If you have a big data set and a large number of queries, it is a must to do data cleaning. Some users don’t realize how essential data cleanup is inside the Query Editor.
You can easily use the options from the Transform ribbon or simply right-click the columns. There’s absolutely no need to use advanced functions to clean up your data.
This way, you can easily understand and reference your columns inside your model. Moreover, cleaning your data can help you simplify your visualizations and reports later on.
Identifying The Queries For Your Model
In this example, you can see all the queries on the left side.
To start the cleanup, you need to identify which of them will be included in the model. That’s the first thing that I consider before anything else.

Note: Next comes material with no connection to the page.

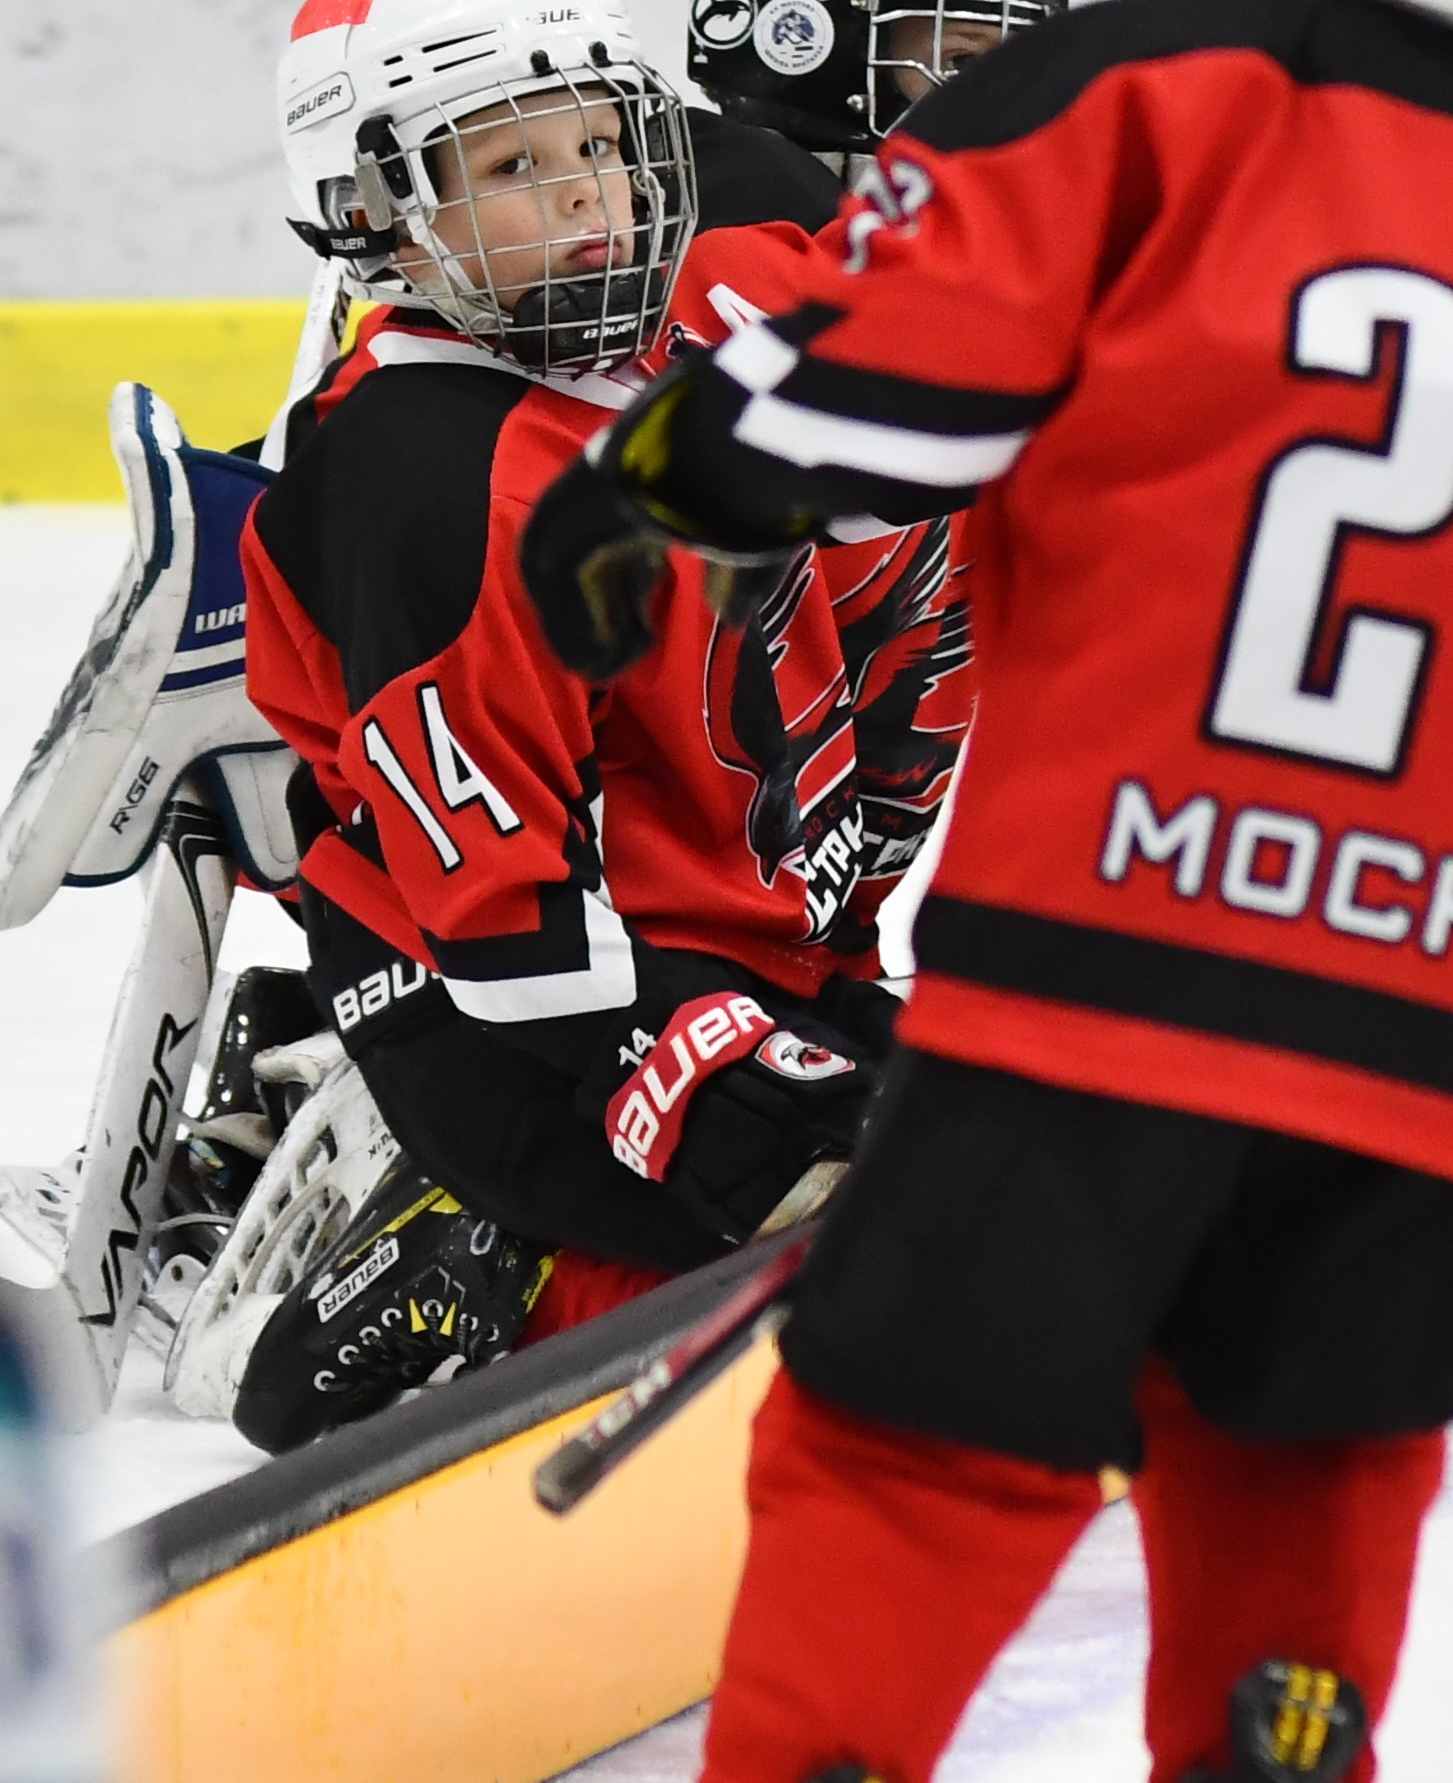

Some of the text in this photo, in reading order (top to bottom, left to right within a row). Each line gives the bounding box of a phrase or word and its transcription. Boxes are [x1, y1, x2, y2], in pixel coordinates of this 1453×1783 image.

There can be a lot of queries in your setup, but not all of them need to be included inside your model.
To select the multiple data that you want to include, hold the Shift key and click the applicable tables. You can also press Ctrl while selecting the appropriate tables.
After that, right-click and click Move To Group, then New Group.
In the New Group pop-up window, enter the name for this group of queries. What I recommend here is using Data Model as a standard name for these queries.
Creating Folders For Other Queries
After identifying the most important tables that should go into your model, you can also group the other queries.
You can create additional folders for the other queries that you need to use for measures. You can name it as the Measure Groups folder. You can also create another folder for Query Functions.
There’s another technique called Query Staging, which is all about organization. It’s as simple as right-clicking on a query then moving the group or creating a new group.
Making sure your queries are well-organized can help you run your Power BI model smoothly.
Keeping your data neat and organized will lead to great collaboration within your team. Other users can easily understand your data model and reports.
I hope you continue to practice these techniques when using Power BI.